<<<<

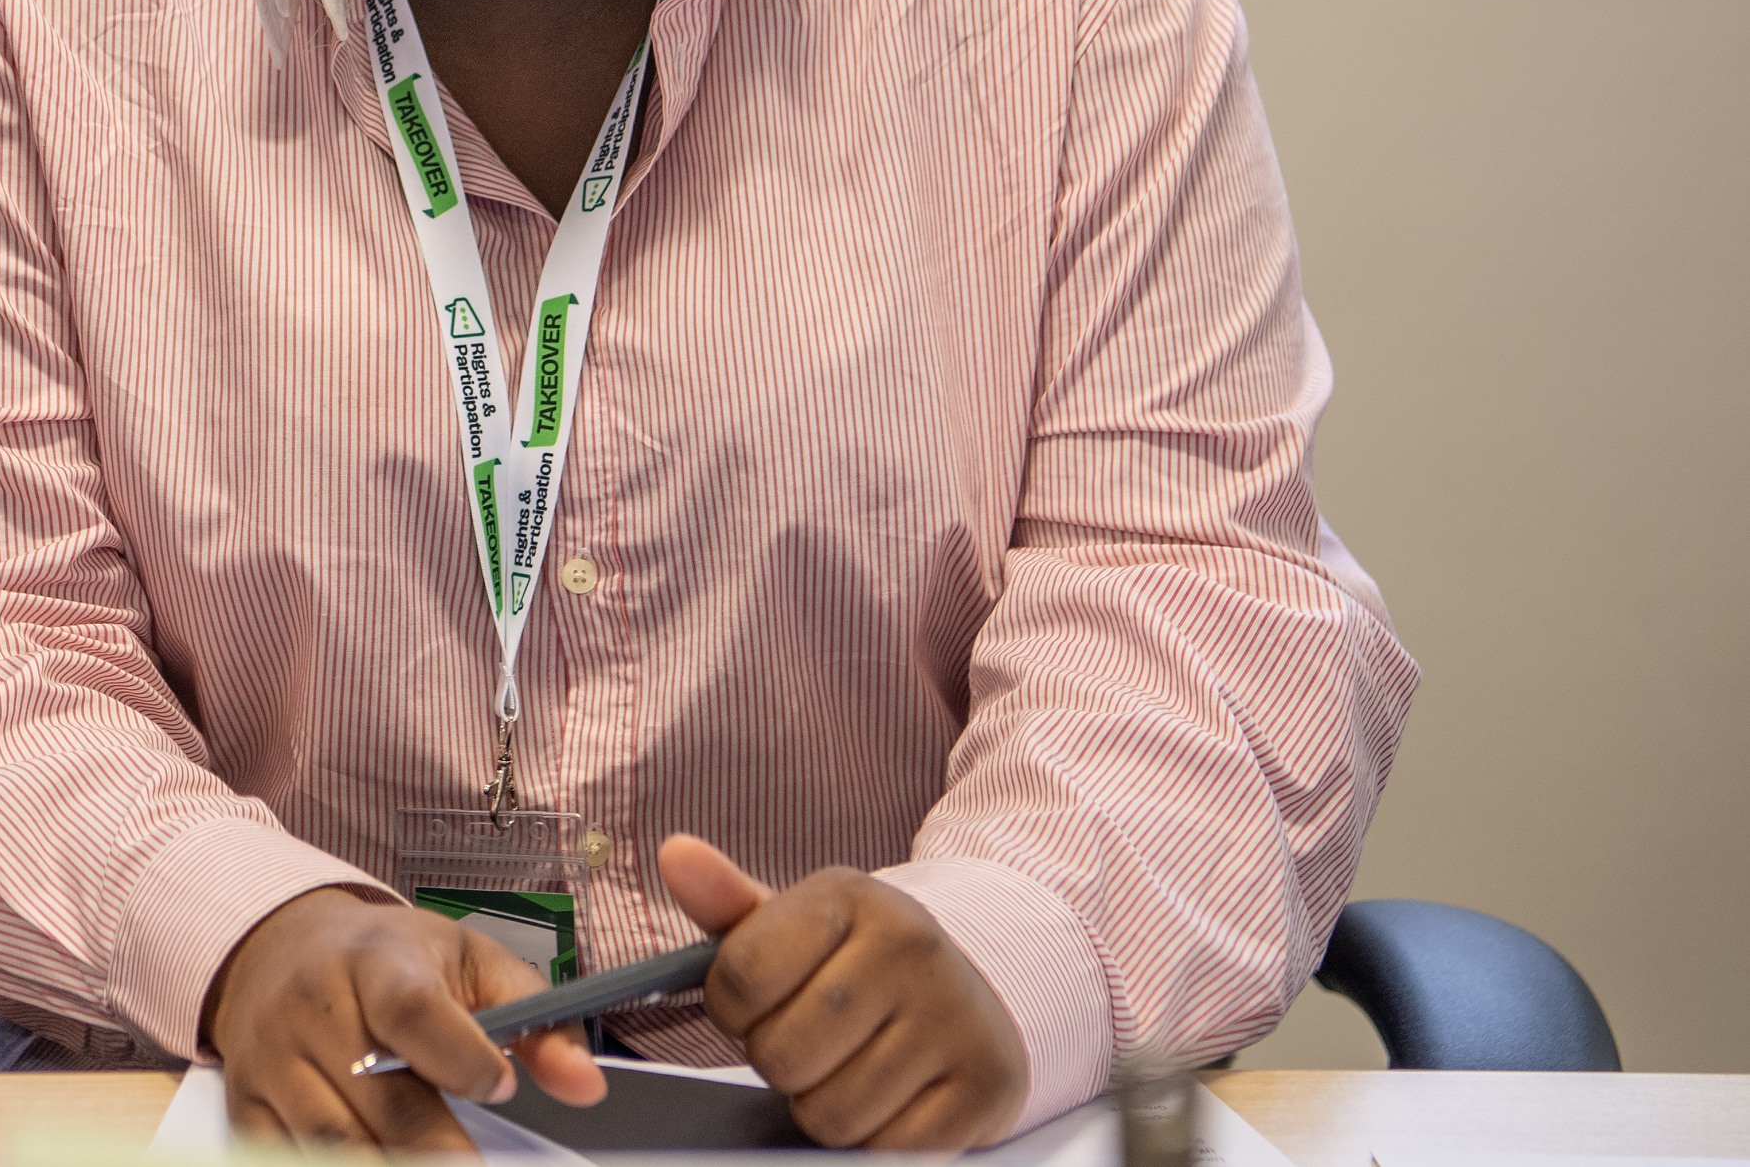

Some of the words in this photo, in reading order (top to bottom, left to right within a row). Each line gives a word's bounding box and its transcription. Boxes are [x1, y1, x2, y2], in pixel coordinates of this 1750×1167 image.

[391, 29, 404, 44] &
[394, 91, 449, 198] TAKEOVER
[591, 119, 616, 173] Rights
[611, 106, 621, 120] &
[604, 67, 639, 170] Participation
[454, 344, 482, 458] Participation
[470, 342, 491, 399] Rights
[482, 403, 496, 417] &
[537, 314, 562, 434] TAKEOVER
[478, 475, 501, 597] TAKEOVER
[514, 508, 530, 567] Rights
[518, 489, 531, 505] &
[524, 452, 554, 568] Participation
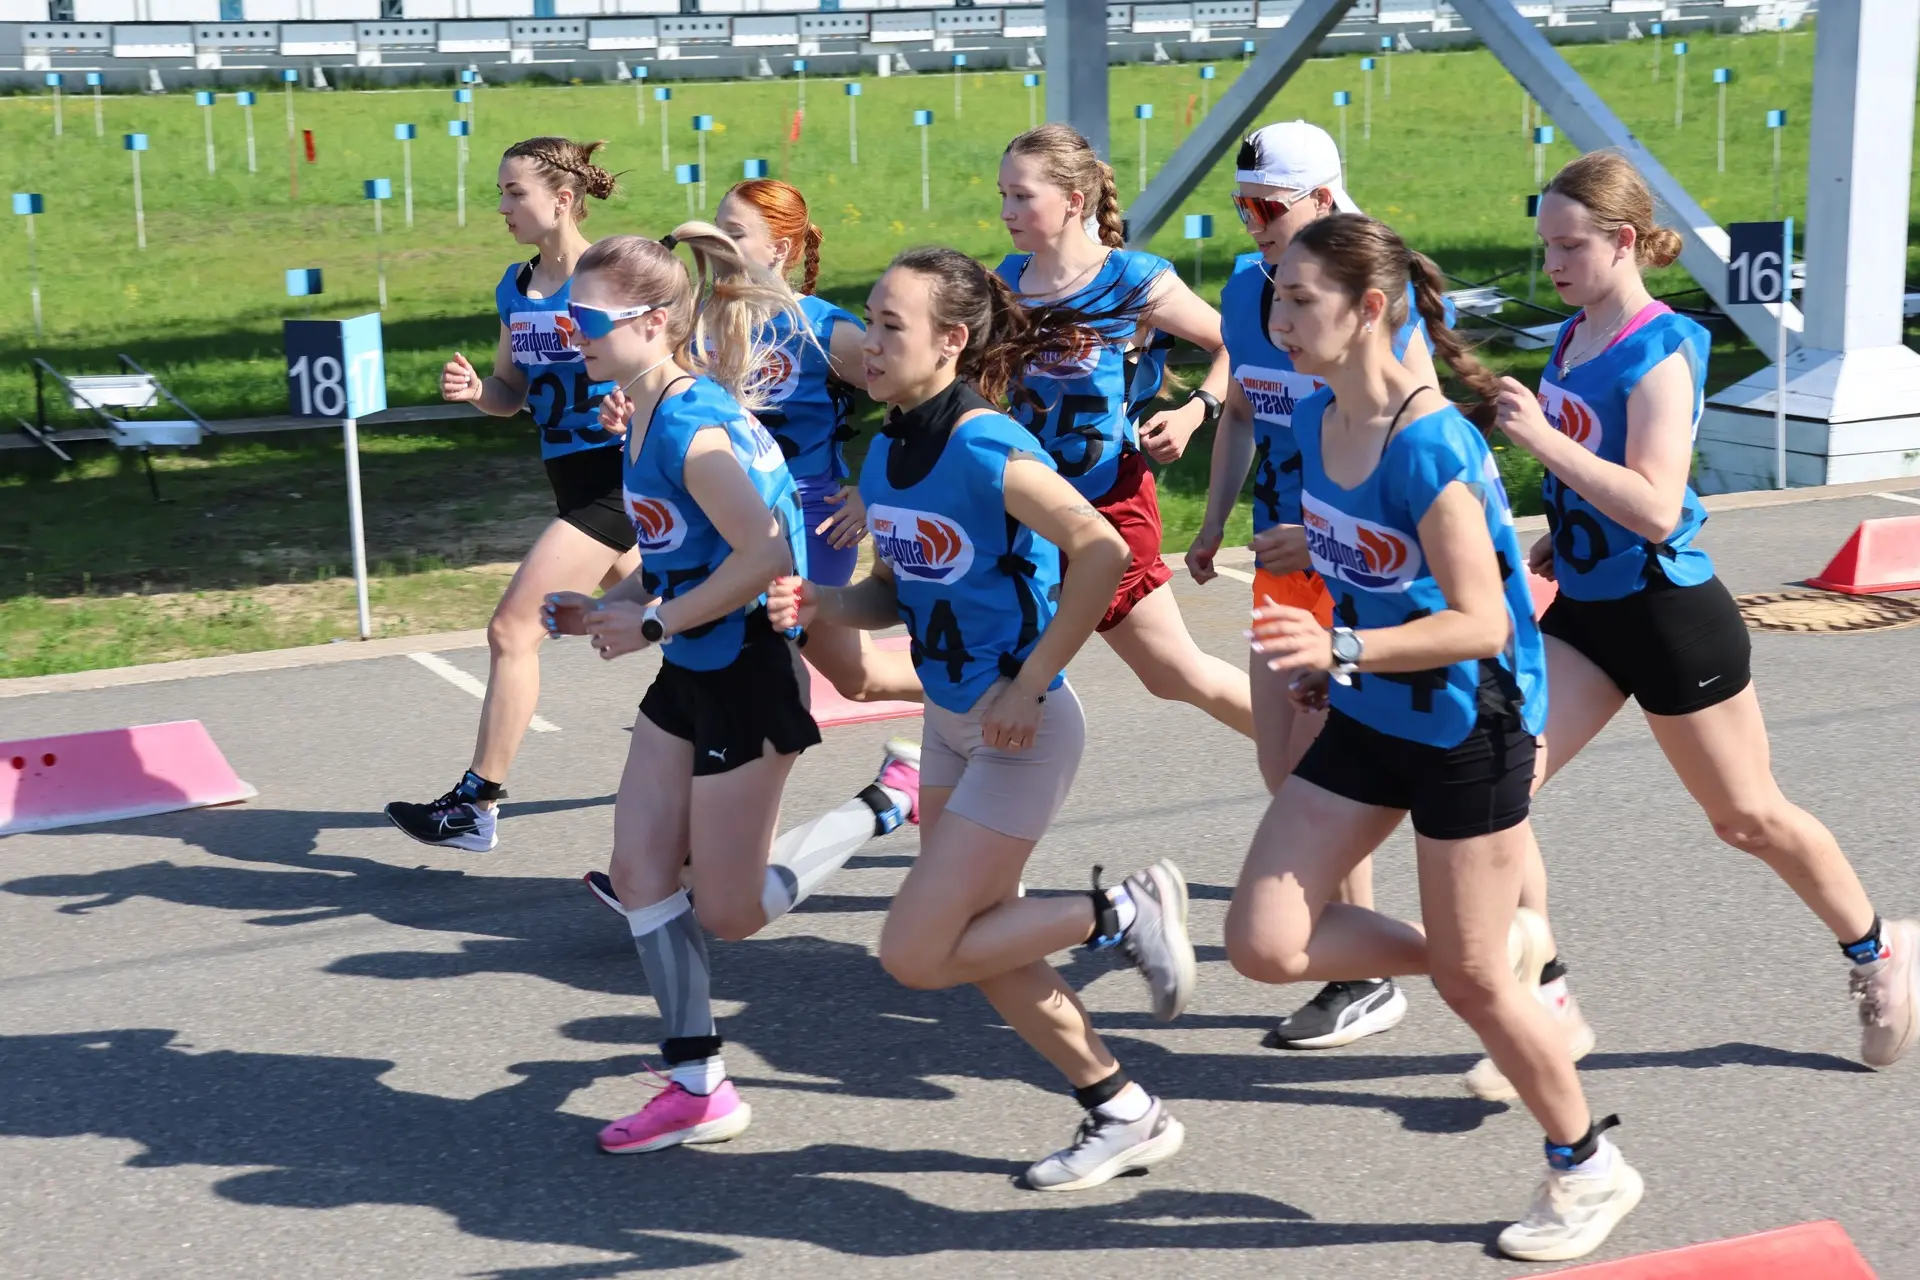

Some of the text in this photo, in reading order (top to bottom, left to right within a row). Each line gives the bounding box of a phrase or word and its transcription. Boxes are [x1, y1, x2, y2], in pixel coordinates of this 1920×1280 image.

>>>>

| Description of the task |
What is needed is an exact copy of the entries, without any images.

| Answer space |
Some of the words in this photo, in reading order (top to bottom, left to right within a row). Each line gives a word's bounding box and its transcription. Boxes are [x1, y1, x2, y2], in pixel coordinates of this 1750×1167 image.

[391, 29, 404, 44] &
[394, 91, 449, 198] TAKEOVER
[591, 119, 616, 173] Rights
[611, 106, 621, 120] &
[604, 67, 639, 170] Participation
[454, 344, 482, 458] Participation
[470, 342, 491, 399] Rights
[482, 403, 496, 417] &
[537, 314, 562, 434] TAKEOVER
[478, 475, 501, 597] TAKEOVER
[514, 508, 530, 567] Rights
[518, 489, 531, 505] &
[524, 452, 554, 568] Participation

Some of the text in this photo, in reading order (top to bottom, left to right within a row). Each line gives the bounding box of a phrase or word and its transcription. Boxes are [x1, y1, x2, y2], in pixel coordinates of this 1920×1280 image.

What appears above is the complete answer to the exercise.